DistOS 2014W Lecture 20

From Soma-notes
Revision as of 01:44, 20 April 2014 by Cdelahou (talk | contribs) (Removed line breaks)

Cassandra

Cassandra is essentially running a BigTable interface on top of a Dynamo infrastructure. BigTable uses GFS' built-in replication and Chubby for locking. Cassandra uses gossip algorithms (similar to Dynamo): Scuttlebutt.

A brief look at Open Source

Initialy Anil talked about google versus facebook approach to technologies.

  • Google developed its technology internally and used for competitive advantage.
  • Facebook developed its technology in open source manner. They needed to create an open source community to keep up.
  • He talked little bit about licences. With GPL3 you have to provide code with binary. In AGPL additional service also be given with source code.

While discussing Hbase versus Cassandra discussed why two projects with same notion are supported? Apache as a community. For any tool in CS, particularly software tools, its actually important to have more than one good implementation. Only time it doesn't happen because of market realities.

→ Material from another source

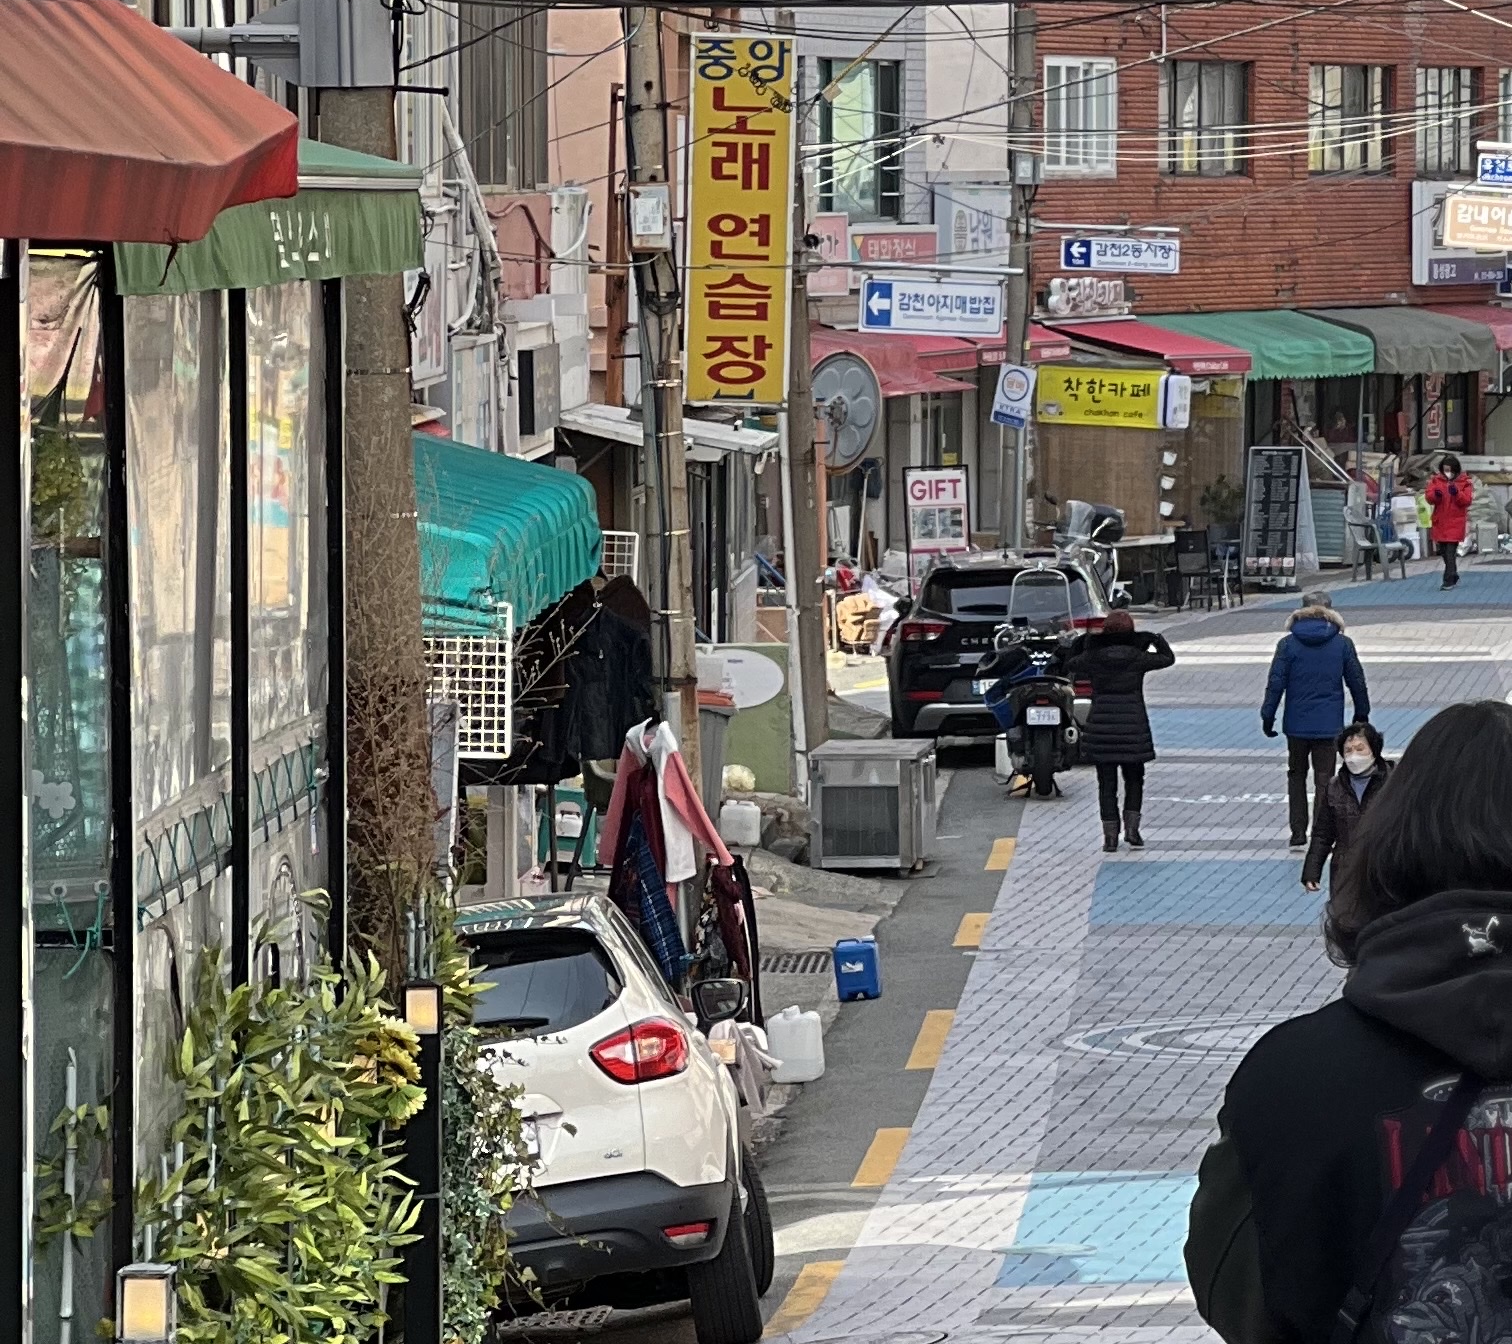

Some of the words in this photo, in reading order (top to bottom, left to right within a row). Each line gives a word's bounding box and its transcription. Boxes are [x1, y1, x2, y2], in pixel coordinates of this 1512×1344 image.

[695, 38, 792, 84] 중앙
[1095, 242, 1172, 260] 감천2동시장
[910, 478, 962, 501] GIFT

Hadoop is a set of technologies that represent the open source equivalent of Google's infrastructure

  • Cassandra -> ???
  • HBase -> BigTable
  • HDFS -> GFS
  • Zookeeper -> Chubby

Back to Cassandra

  • Cassandra is basically you take a key value store system like Dynamo and then you extend to look like BigTable.
  • Not just a key value store. It is a multi dimensional map. You can look up different columns, etc. The data is more structured than a Key-Value store.
  • In a key value store, you can only look up the key. Cassandra is much richer than this.

Bigtable vs. Cassandra:

  • Bigtable and Cassandra exposes similar APIs.
  • Cassandra seems to be lighter weight.
  • Bigtable depends on GFS. Cassandra depends on server's file system. Anil feels cassandra cluster is easy to setup.
  • Bigtable is designed for stream oriented batch processing . Cassandra is for handling online/realtime/highspeed stuff.

Schema design is explained in inbox example. It does not give clarity about how table will look like. Anil thinks they store lot data with messages which makes table crappy.

Apache Zookeeper is used for distributed configuration. It will also bootstrap and configure a new node. It is similar to Chubby. Zookeeper is for node level information. The Gossip protocol is more about key partitioning information and distributing that information amongst nodes.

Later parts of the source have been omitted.